The 2018 WHO draft guidelines on dietary saturated fatty acids and trans fatty acids recommended reducing total saturated fatty acids to less than 10% of total energy consumption and replacing it with polyunsaturated and monounsaturated fatty acids.
However, the recommendations failed to take into account “considerable evidence that the health effects vary for different saturated fatty acids and that the composition of the food in which they are found is crucially important”, claimed Arne Astrup, a nutrition professor at the University of Copenhagen, and colleagues in a study published in The BMJ.
Food composition has a substantial effect on lipid digestion, absorption kinetics and postprandial lipaemia, “which is an independent risk factor for cardiovascular disease”, the study argued.
Professor Nita Forouhi of the MRC Epidemiology Unit at the University of Cambridge, said the authors’ argument that WHO guidelines on dietary fat should consider the different types of saturated fatty acids and the diverse foods that contain them, was consistent with her team’s findings.
“Our own EU-funded research in people in eight European countries showed the varying effects of different types of blood saturated fatty acids on the risk of type 2 diabetes,” Forouhi said.
‘Recent progress in nutrition science’
“A call to distinguish between different food sources of saturated fats, not focus on the nutrient alone, is in line with the recent progress in nutrition science, but we must be mindful to not pre-judge the final report that is yet to be released by the WHO following the public consultation period that ended in June 2018.”
Professor Judy Buttriss, director general of the British Nutrition Foundation, said the authors rightly pointed out that different saturated fatty acids had different health effects, as not all saturated fatty acids raised blood cholesterol level.
However, when it came to giving practical advice, she believed it was very difficult to give simple guidance on the specific fatty acids we consumed.
“A dietary pattern approach to reducing disease risk and promoting health is becoming more popular,” Buttriss said. “However, we do need more research on the specific effects of changing dietary patterns on health as this is a very complex area to investigate in studies, not least because we need a multitude of different essential nutrients regularly from the food we consume.
“The opinion piece in the BMJ suggests that advice to reduce saturated fat might lead people to exclude foods that are rich in nutrients.

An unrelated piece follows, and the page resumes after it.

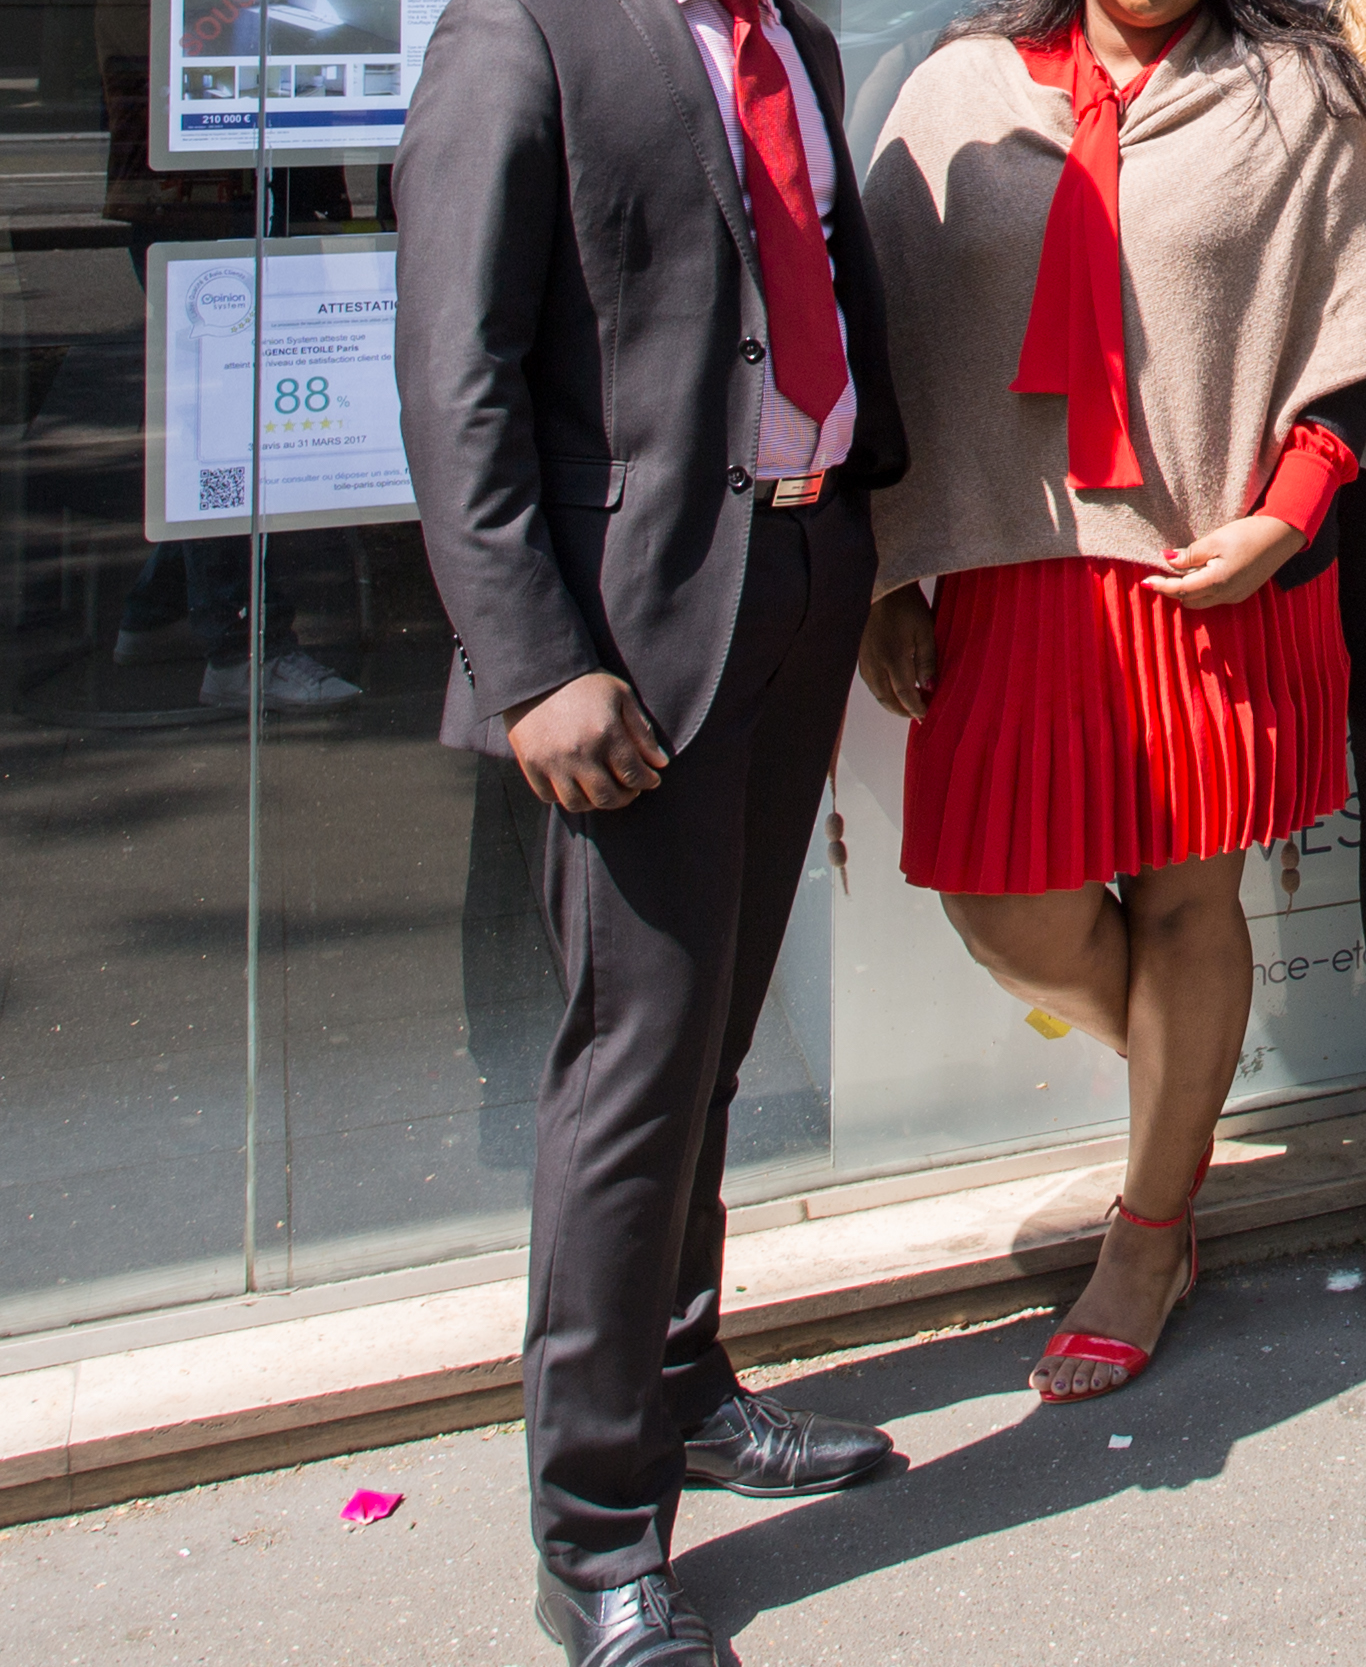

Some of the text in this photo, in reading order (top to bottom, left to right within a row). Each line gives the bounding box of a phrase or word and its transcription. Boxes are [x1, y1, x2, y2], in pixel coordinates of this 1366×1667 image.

But this is not encouraged in the UK’s Eatwell Guide, which … recommends choosing lower-fat versions of dairy foods most of the time; it does not suggest that dairy foods be excluded.”

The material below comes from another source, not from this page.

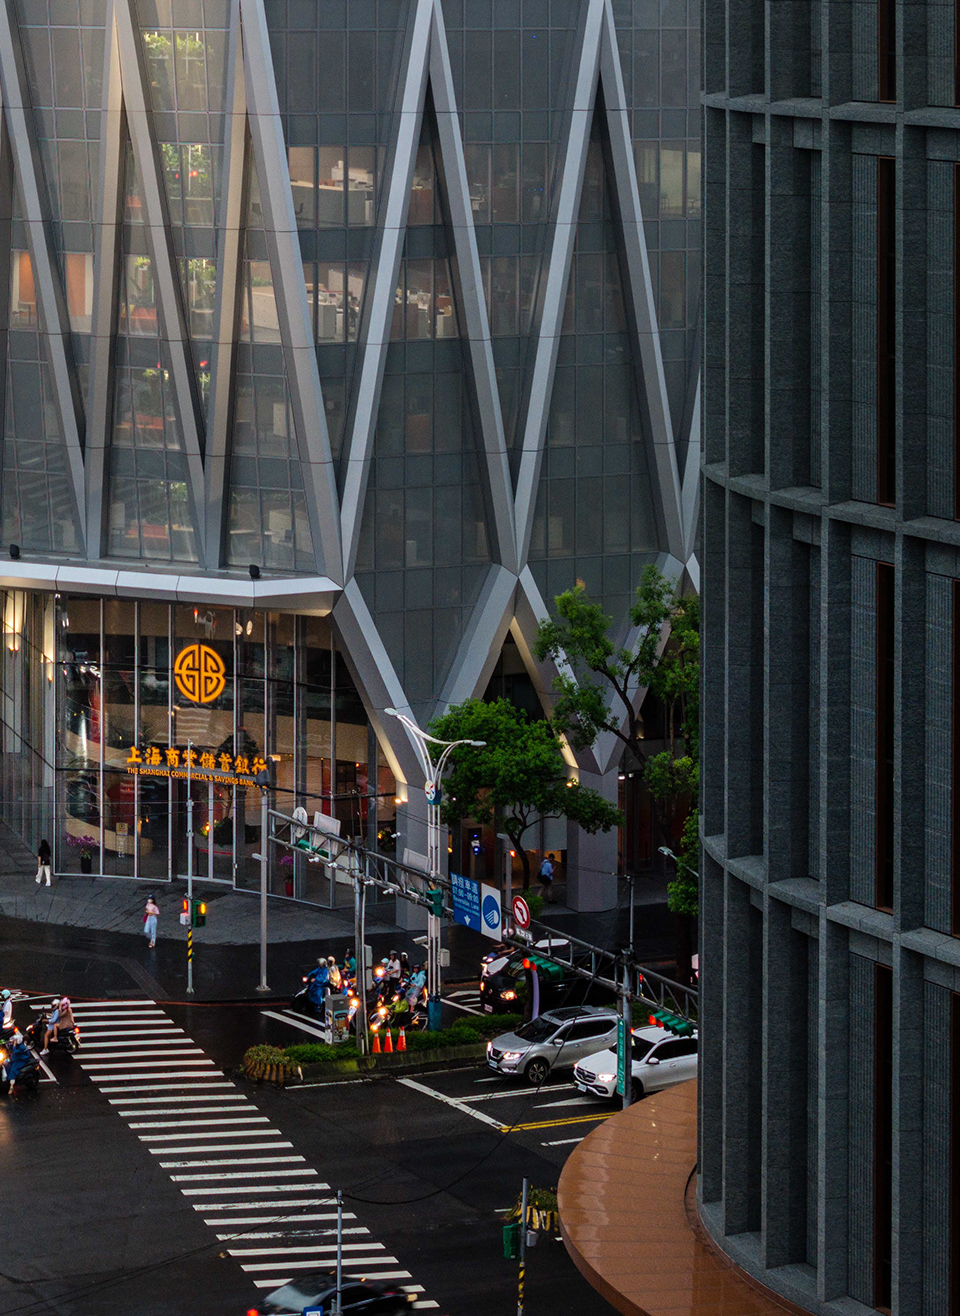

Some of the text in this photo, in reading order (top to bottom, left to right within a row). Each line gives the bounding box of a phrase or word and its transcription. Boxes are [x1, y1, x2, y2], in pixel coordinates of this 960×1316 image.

[126, 746, 268, 776] 上海商業儲蓄銀行
[139, 768, 170, 777] SHANGHAI
[214, 775, 239, 785] SAVINGS

Tom Sanders, professor emeritus of nutrition and dietetics at King’s College London, believed the opinion piece raised some valid questions regarding dietary guidelines concerning saturated fatty acids, “but it in no way suggests we got it wrong on saturated fats”.
‘High in saturated fatty acids’
“It does raise the important issue about labelling all foods that are high in saturated fatty acids (including dairy, oily fish and nuts) as unhealthy, because evidence has emerged from prospective cohort studies suggesting that liquid milk and yoghurt (but not butter), oily fish and nuts are associated with a lower risk of cardiovascular disease (CVD),” Sanders said.
“However, red meat and meat products, which are major sources of saturated fatty acids, are consistently linked to a greater risk of CVD. So this is not the green light for saturated fats.”
Naveed Sattar, professor of metabolic medicine at the University of Glasgow, said while the opinion piece was written by nutritional experts, and some historical points were well made, the overall message was “somewhat confusing and contains some areas of inaccuracy”.
“If people interpret this as meaning ‘no need to reduce saturated fat’, I would worry that could have adverse consequences for public health,” he claimed.
“For example, despite what the authors state, that saturated fat intake in excess increases bad LDL-cholesterol levels is not in doubt, and neither is the link between high LDL-c and cardiovascular disease.
“Also, the best trials do show lower heart disease with less saturated fats and all other bad heart-related outcomes appear to be reduced, even if the power in some of the analyses were limited.
“The authors also state evidence from a mix of selected nutritional trials and observational studies, so it is not easy to assess the objectivity of their points.”